Interakcja z pacjentem ma również kluczowe znaczenie, jeśli chodzi o koszty, ponieważ duża część wydatków na opiekę onkologiczną przypada na ostatnie tygodnie i miesiące życia pacjenta. Trudno jest ocenić wartość, ale w wielu przypadkach wydatki nie przynoszą namacalnych rezultatów i często ignorują życzenia dobrze poinformowanego pacjenta.

Oprócz związanych z tym kwestii moralnych i poprawy opieki, EAPM jest głęboko przekonana, że ​​wzmocnienie pozycji pacjentów w tych i wszystkich innych przypadkach doprowadziłoby również do obniżenia ogólnych kosztów. Pacjentów nie można jednak upoważnić, chyba że ich lekarz jest również upoważniony do omówienia wszystkich opcji i wyeliminowania niepotrzebnie kosztownych – i przynoszących efekt przeciwny do zamierzonego. Znowu wracamy do edukacji pracowników służby zdrowia.

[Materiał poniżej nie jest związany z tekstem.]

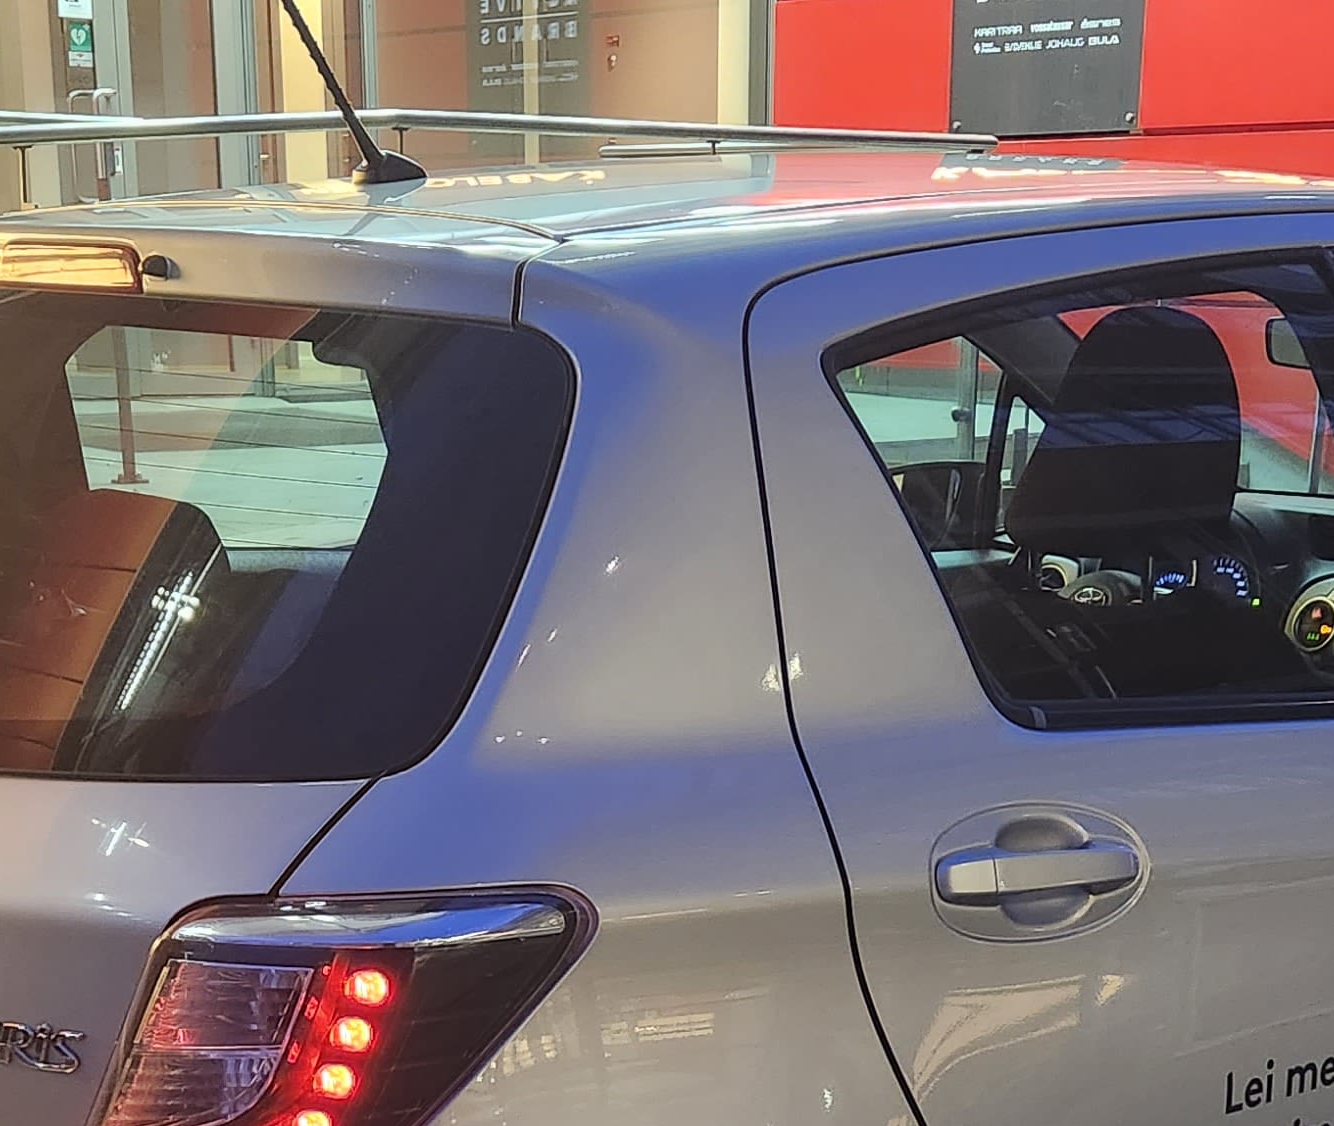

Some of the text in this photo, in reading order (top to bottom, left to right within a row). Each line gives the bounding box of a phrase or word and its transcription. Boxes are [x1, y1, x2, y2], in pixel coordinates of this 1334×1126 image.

[1045, 37, 1085, 49] JOHAUG
[1088, 34, 1120, 46] BULA
[1225, 1059, 1275, 1115] Lei
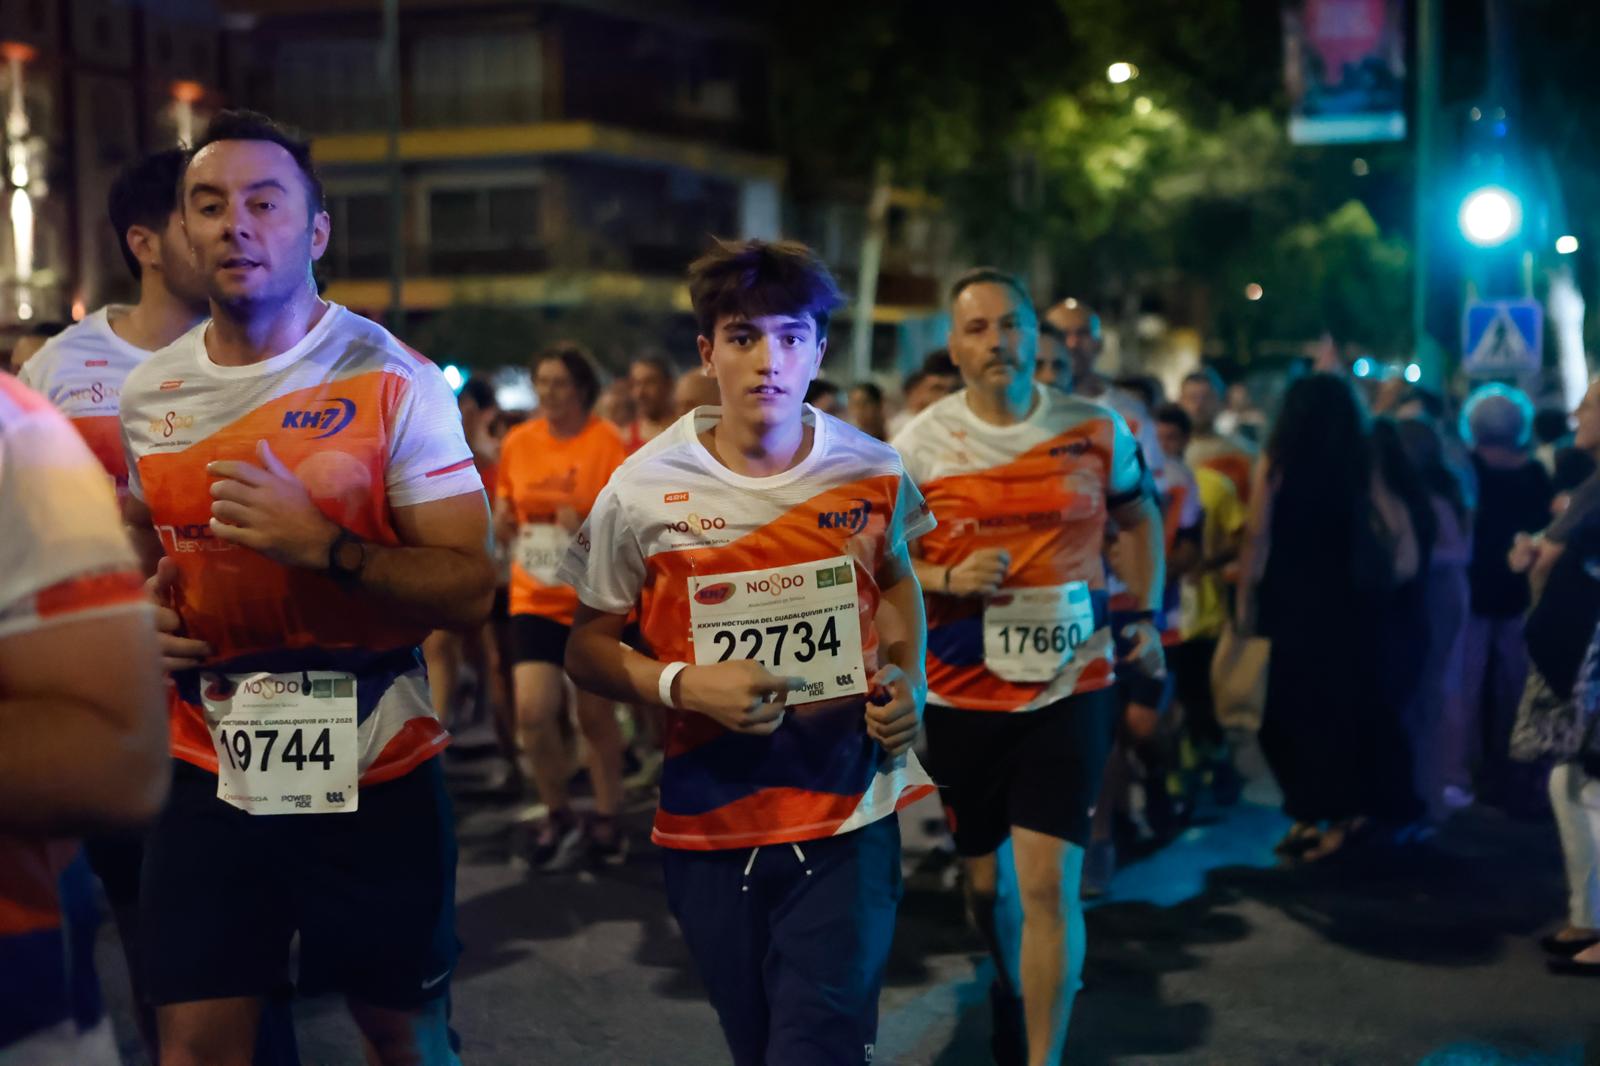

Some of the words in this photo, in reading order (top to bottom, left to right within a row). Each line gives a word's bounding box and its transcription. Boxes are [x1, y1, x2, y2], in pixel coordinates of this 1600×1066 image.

[722, 618, 760, 627] NOCTURNA
[760, 616, 774, 624] DEL
[774, 608, 823, 622] GUADALQUIVIR
[713, 615, 841, 667] 22734
[998, 623, 1082, 655] 17660
[264, 718, 317, 727] GUADALQUIVIR
[220, 728, 335, 772] 19744

Jak więc sprawić, by dostęp był przystępny cenowo? Sposobów jest wiele, a wśród nich są dalsze inwestycje w badania i nowe technologie. Podejście medycyny spersonalizowanej opiera się w dużej mierze na informacji genetycznej (chociaż styl życia pacjenta również pomaga określić ostateczny wybór leczenia). Koszt sekwencjonowania genów cały czas spada, ale systemy opieki zdrowotnej państw członkowskich – i dyscypliny w ramach tych systemów – trzymają się mentalności silosu i nie współpracują, wiele istotnych informacji badawczych jest powielanych i pozostaje nieudostępnianych.

Pomijając kwestie związane z gromadzeniem, przechowywaniem, rozpowszechnianiem i etyką Big Data, ten brak koordynacji jest sam w sobie oczywiście wysoce nieefektywny i niezwykle kosztowny.

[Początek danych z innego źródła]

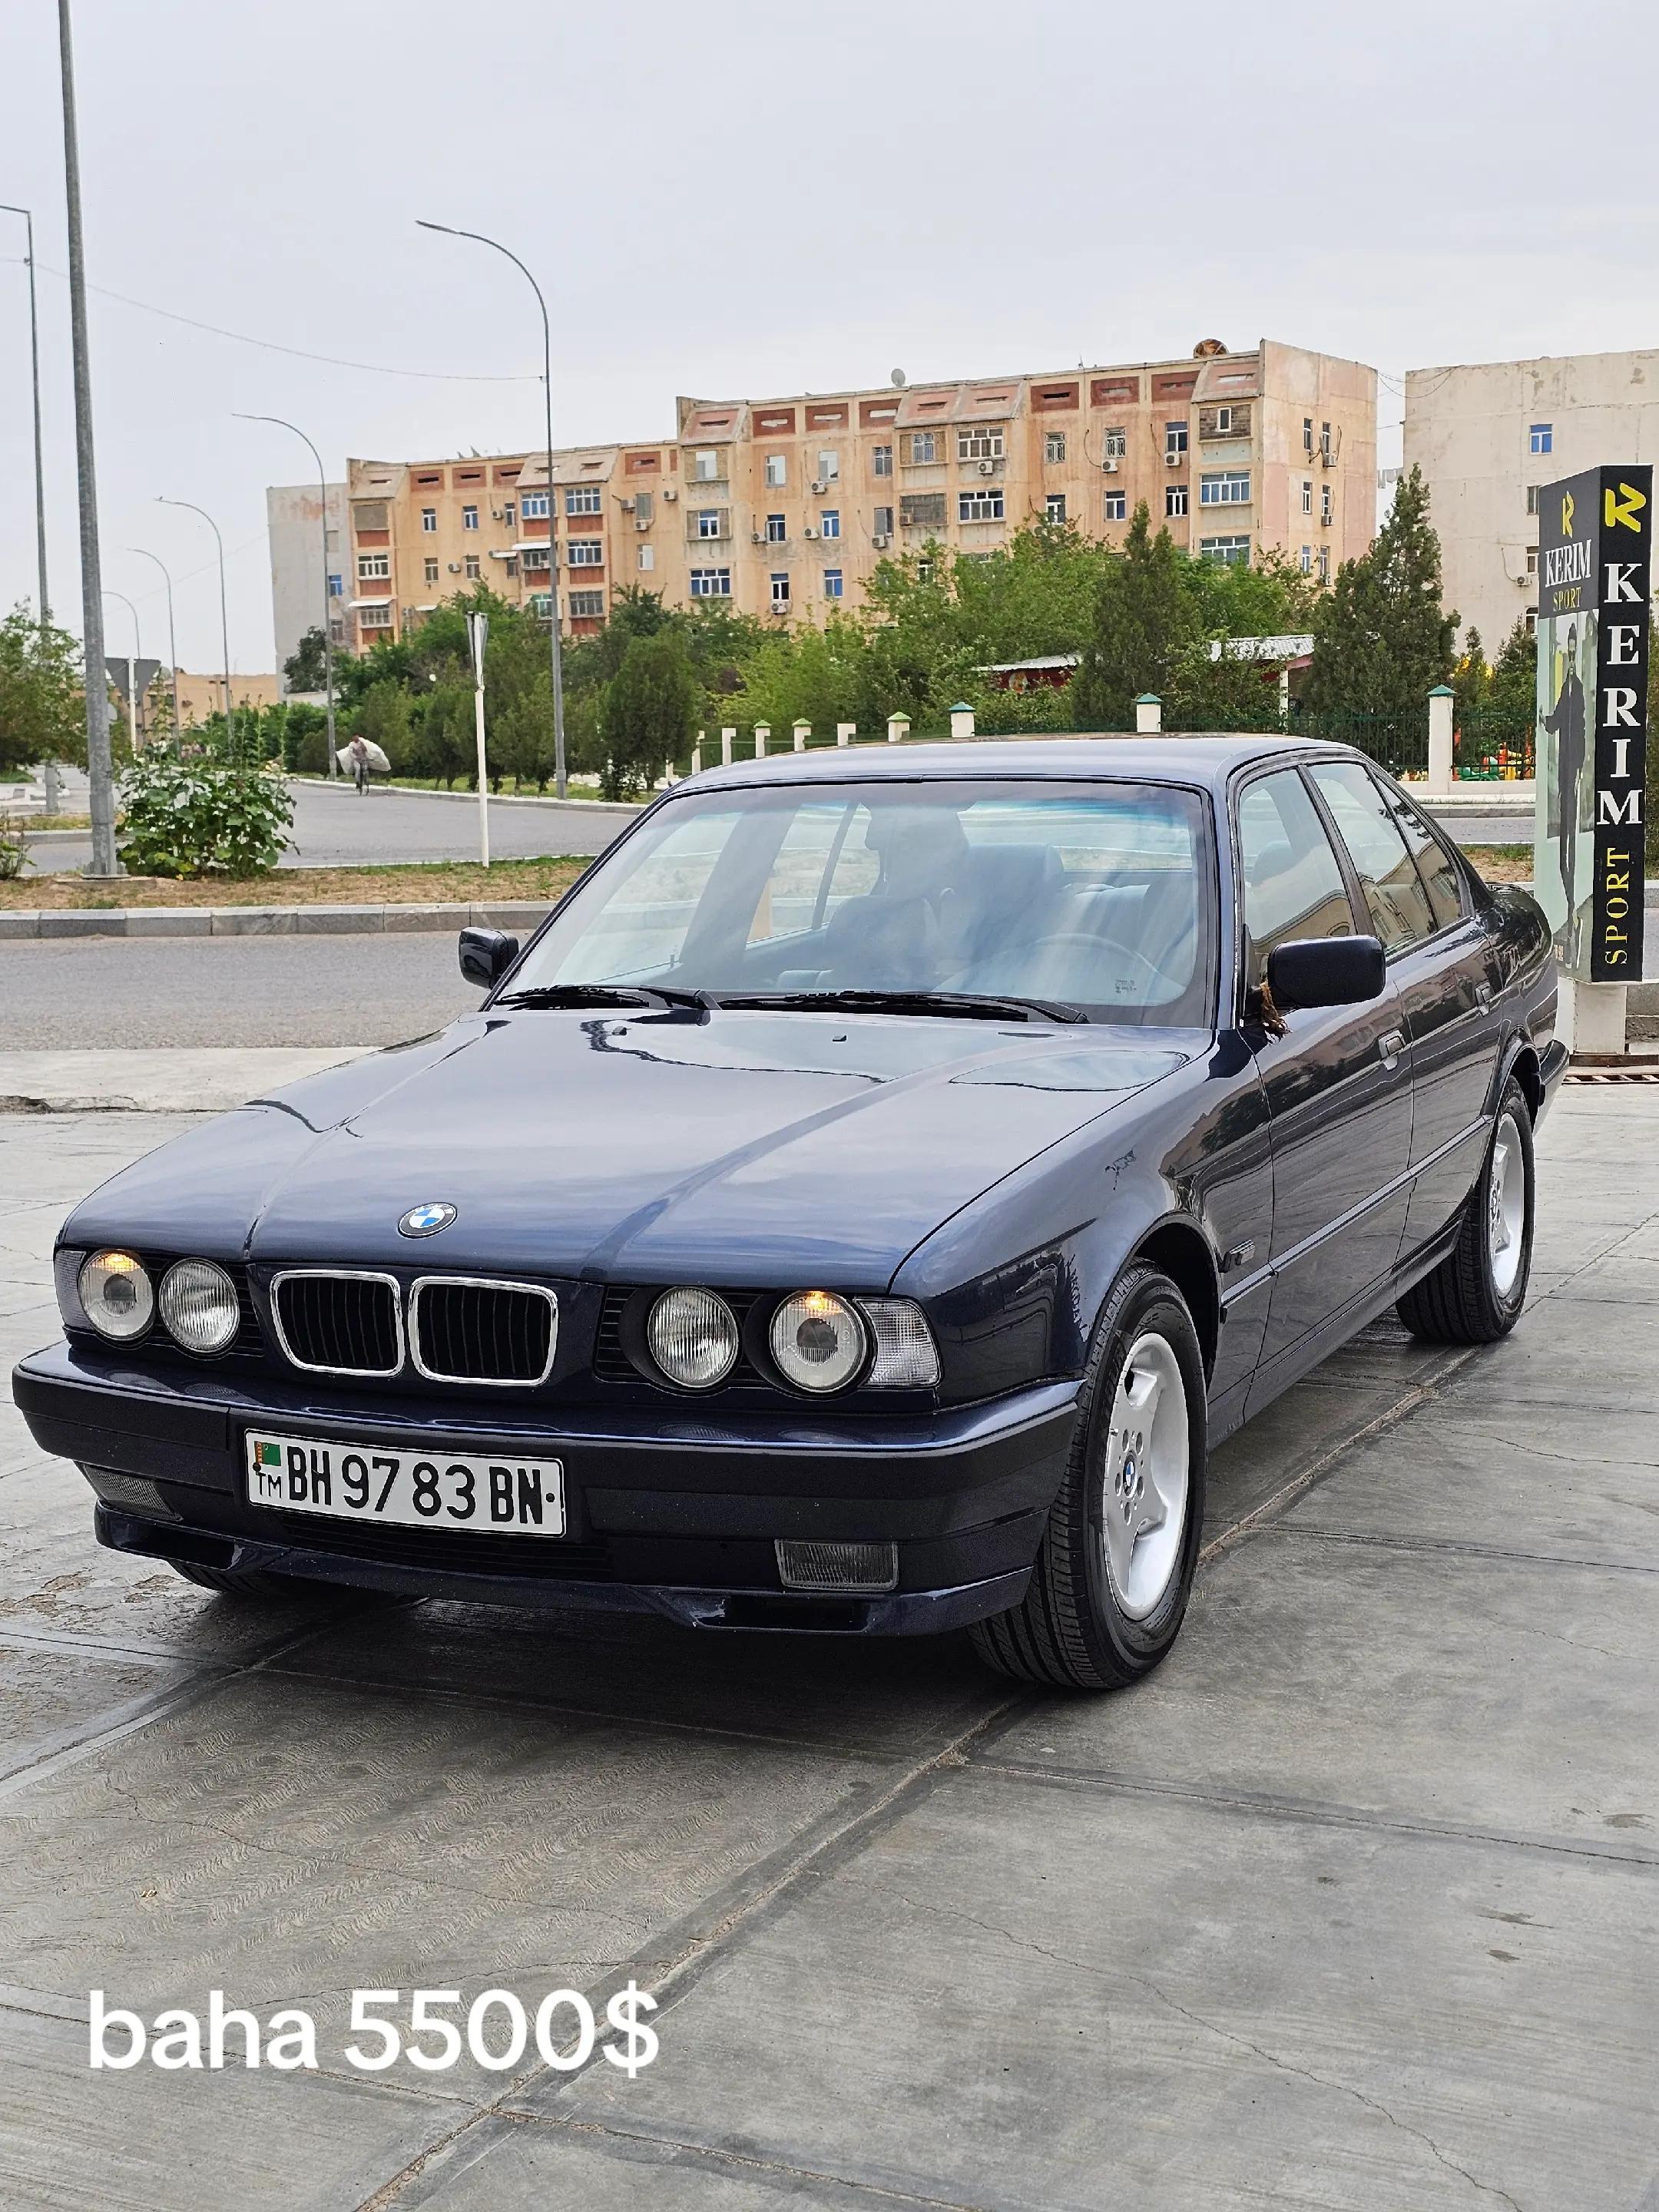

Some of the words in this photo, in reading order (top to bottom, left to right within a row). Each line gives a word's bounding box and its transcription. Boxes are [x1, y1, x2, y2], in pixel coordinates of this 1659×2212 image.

[1545, 539, 1592, 588] KERIM
[1553, 587, 1581, 611] SPORT
[1596, 563, 1644, 825] KERIM
[1605, 847, 1630, 965] SPORT
[257, 1472, 282, 1498] TM
[286, 1445, 332, 1505] BH
[341, 1454, 400, 1512] 97
[412, 1461, 476, 1519] 83
[488, 1465, 543, 1525] BN

Big Data nie zniknie, a nauka nie przestanie się rozwijać. Klucz do poprawy przystępnego cenowo dostępu polega częściowo na stworzeniu skuteczniejszych sposobów, w jakie państwa członkowskie i ich systemy opieki zdrowotnej mogą angażować się i wykorzystywać nowe technologie oraz w pełni wykorzystywać innowacje.

Nie da się tego skutecznie zrobić w jednym kraju. Istnieje potrzeba ogólnoeuropejskiego podejścia, niezależnie od tego, że każde z 28 państw członkowskich ma kompetencje w zakresie własnych zagadnień zdrowotnych. Chociaż UE wprowadziła wiele przepisów ustawowych i wykonawczych w dziedzinie produktów i norm, opieka zdrowotna w państwach członkowskich sama w sobie nie należy do kompetencji UE.

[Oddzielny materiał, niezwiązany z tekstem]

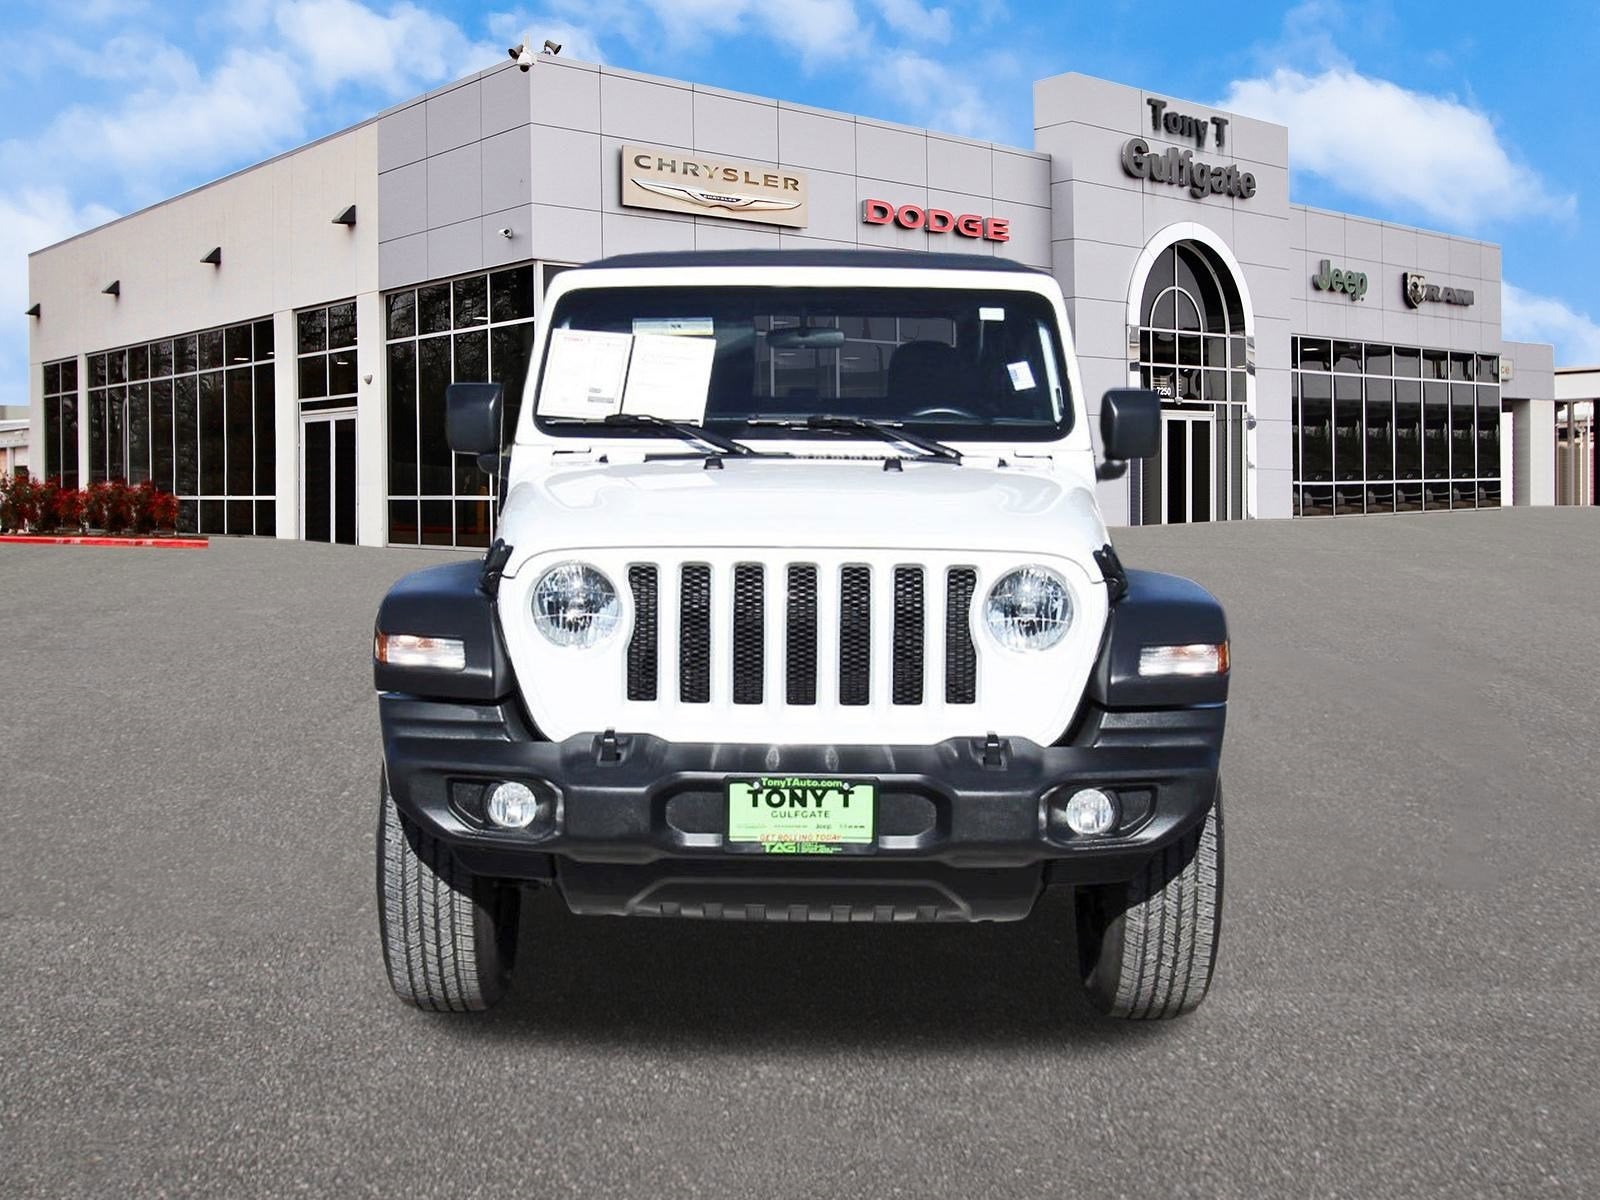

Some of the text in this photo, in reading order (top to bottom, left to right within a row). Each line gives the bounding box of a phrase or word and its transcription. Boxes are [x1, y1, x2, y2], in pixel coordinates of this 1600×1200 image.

[1146, 97, 1229, 147] Tony T
[634, 154, 800, 192] CHRYSLER
[1121, 138, 1256, 198] Gulfgate
[862, 199, 1010, 243] DODGE
[1312, 259, 1368, 302] Jeep
[1425, 284, 1474, 306] RAM
[1156, 386, 1171, 396] 7250
[761, 777, 843, 788] TonyTAuto.com
[747, 789, 855, 808] TONY T
[770, 810, 831, 819] GULFGATE

Nie zapominajmy jednak, że jedną z podstawowych zasad Unii Europejskiej jest równość – a zatem koncepcja równego dostępu dla wszystkich do najlepszych leków i leczenia jest kwestią, którą UE przyjęła na poziomie moralnym. Obecnie jest to dalekie od przypadku i – w XXI wieku i później – niesprawiedliwego dostępu do przystępnej cenowo i skutecznej opieki nie można usprawiedliwiać ani tolerować.

Jednak kwestie wartości i opłacalności pozostają, a argumenty będą dudnić. Niestety, oznacza to, że pacjenci niepotrzebnie cierpią, aw wielu przypadkach umierają na długo przed czasem, podczas gdy cenne pieniądze są marnowane na wiele uniwersalnych metod, które najwyraźniej nie działają dla wszystkich i często zawodzą znaczną liczbę.

Nadszedł czas na nowe podejście, a EAPM i jej interesariusze są głęboko przekonani, że medycyna spersonalizowana stanowi drogę naprzód, poprzez nacisk na ponowną ocenę „wartości”, przyjęcie nowych technologii i zaangażowanie w nie, odpowiednią ogólnounijną podstawę dla szkolenie pracowników służby zdrowia, nowy model badań klinicznych uwzględniający stosunkowo mniejsze grupy chorób oraz ściślejsza współpraca na wszystkich poziomach. To byłby doskonały początek.

Udostępnij ten artykuł:

EU Reporter publikuje artykuły z różnych źródeł zewnętrznych, które wyrażają szeroki zakres punktów widzenia. Stanowiska zajęte w tych artykułach niekoniecznie są stanowiskami EU Reporter.